Microtubule (MT)-dependent regulation of muscle length. Victoria K. Schulman^1,2, Eric S. Folker², Mary K. Baylies^1,2. 1) Weill Cornell Graduate School of Medical Sciences, New York, NY; 2) Sloan-Kettering Institute, New York, NY.

   Many muscle diseases are characterized by smaller, weaker myofibers, highlighting the fact that muscle size is critical for muscle function. To study the regulation of muscle size, we used the model organism, Drosophila melanogaster, a system that permits in vivo cell biological studies with an additional means to assess muscle function at later stages of development. Many aspects of morphogenesis determine overall muscle size, including nuclear number, cell volume, and myofiber length. We have focused on how muscle length is regulated because we have shown that larvae with shorter muscles exhibit significantly impaired muscle function. Through a combination of mutational analysis and RNAi-based screens, we have identified a number of factors that affect muscle length.

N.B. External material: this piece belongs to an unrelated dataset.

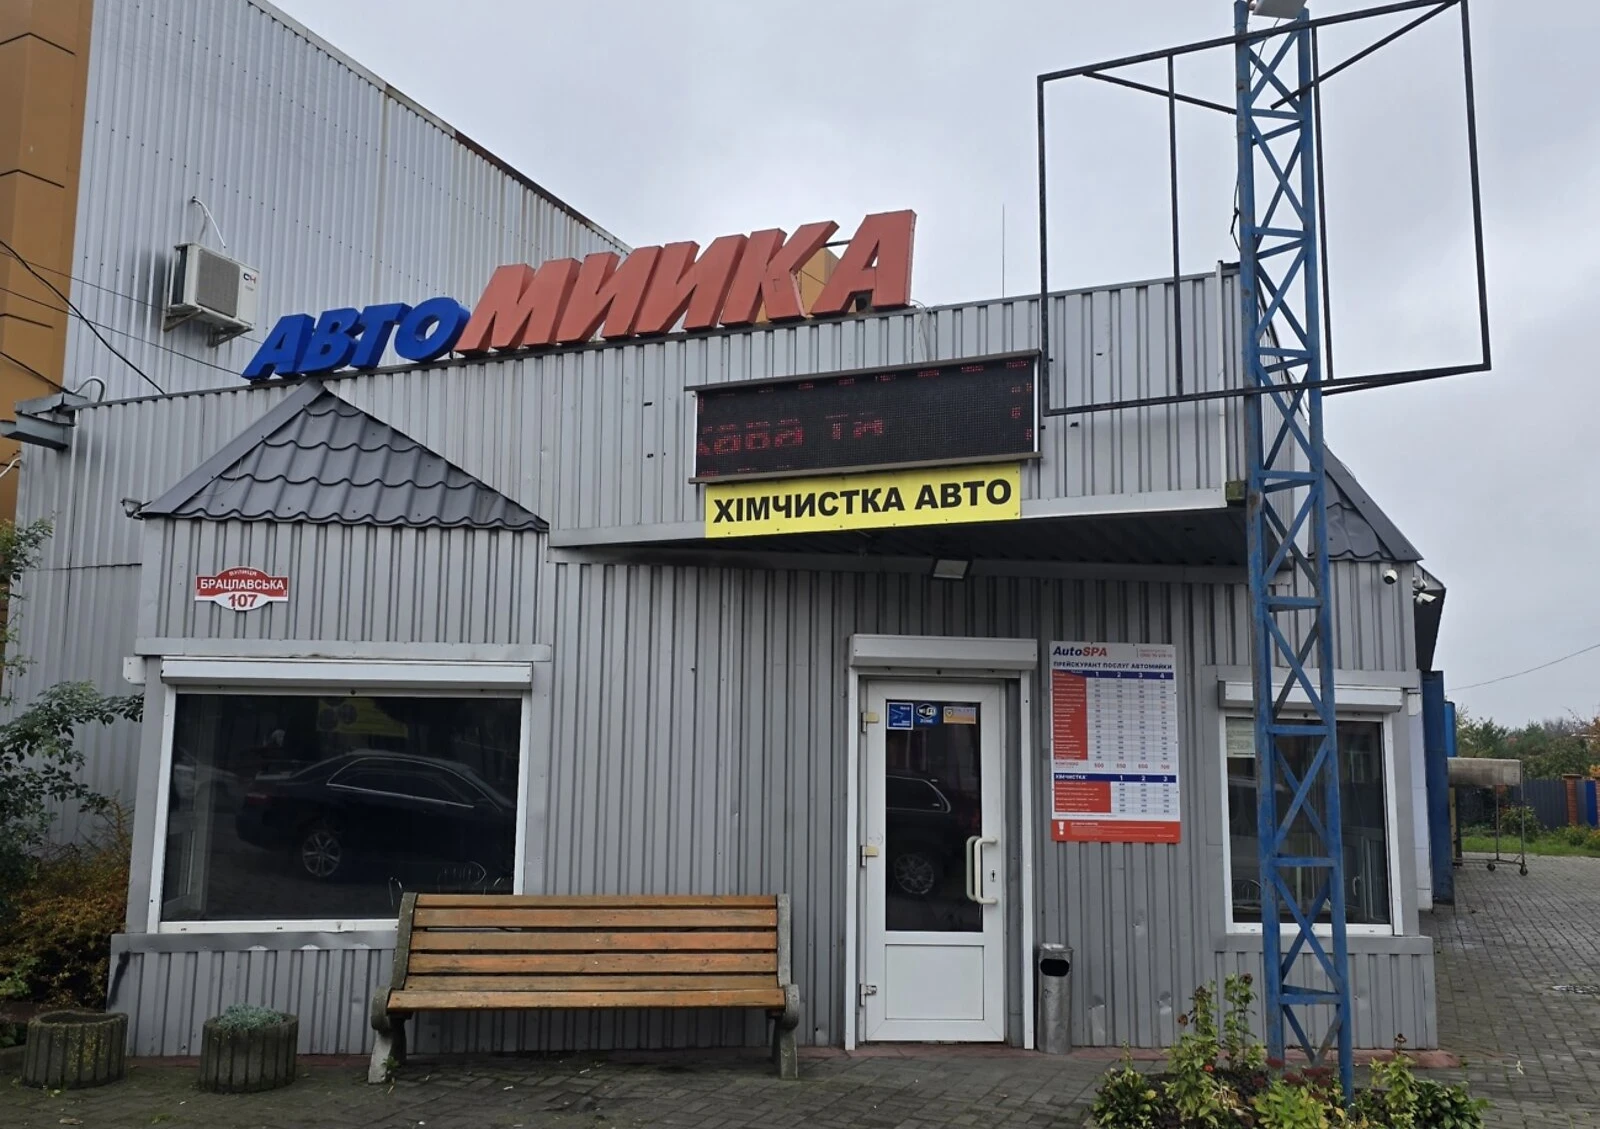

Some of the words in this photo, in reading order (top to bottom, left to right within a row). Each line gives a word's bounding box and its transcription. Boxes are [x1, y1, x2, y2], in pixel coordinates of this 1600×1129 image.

Mutations in, or depletion of, Lis1, NudC, Rapsynoid (Raps/Pins), the minus-end directed MT motor Dynein heavy chain (Dhc), and its regulatory light chain (Dlc), all result in muscles that are shorter than controls. Conversely, mutations in, or depletion of, the plus-end directed motor Kinesin heavy chain (Khc), its regulatory light chain (Klc), and Ensconsin (Ens), exhibit significantly longer muscles compared to controls. Finally, we have identified Sunday Driver (Syd) as a factor that coordinates Kinesin and Dynein activities as they pertain to muscle length determination. Although homozygous syd mutants produce muscles of the proper length, double heterozygotes of syd and khc have longer muscles than controls, and double heterozygotes of syd and dhc have shorter muscles than controls. This suggests that the adapter protein, Syd, is simultaneously regulating Dhc and Khc to influence muscle length. Collectively, these data suggest that muscle length is regulated by a MT-dependent process mediated by motor protein complexes that are coordinated by Syd to facilitate proper extension of the muscle pole.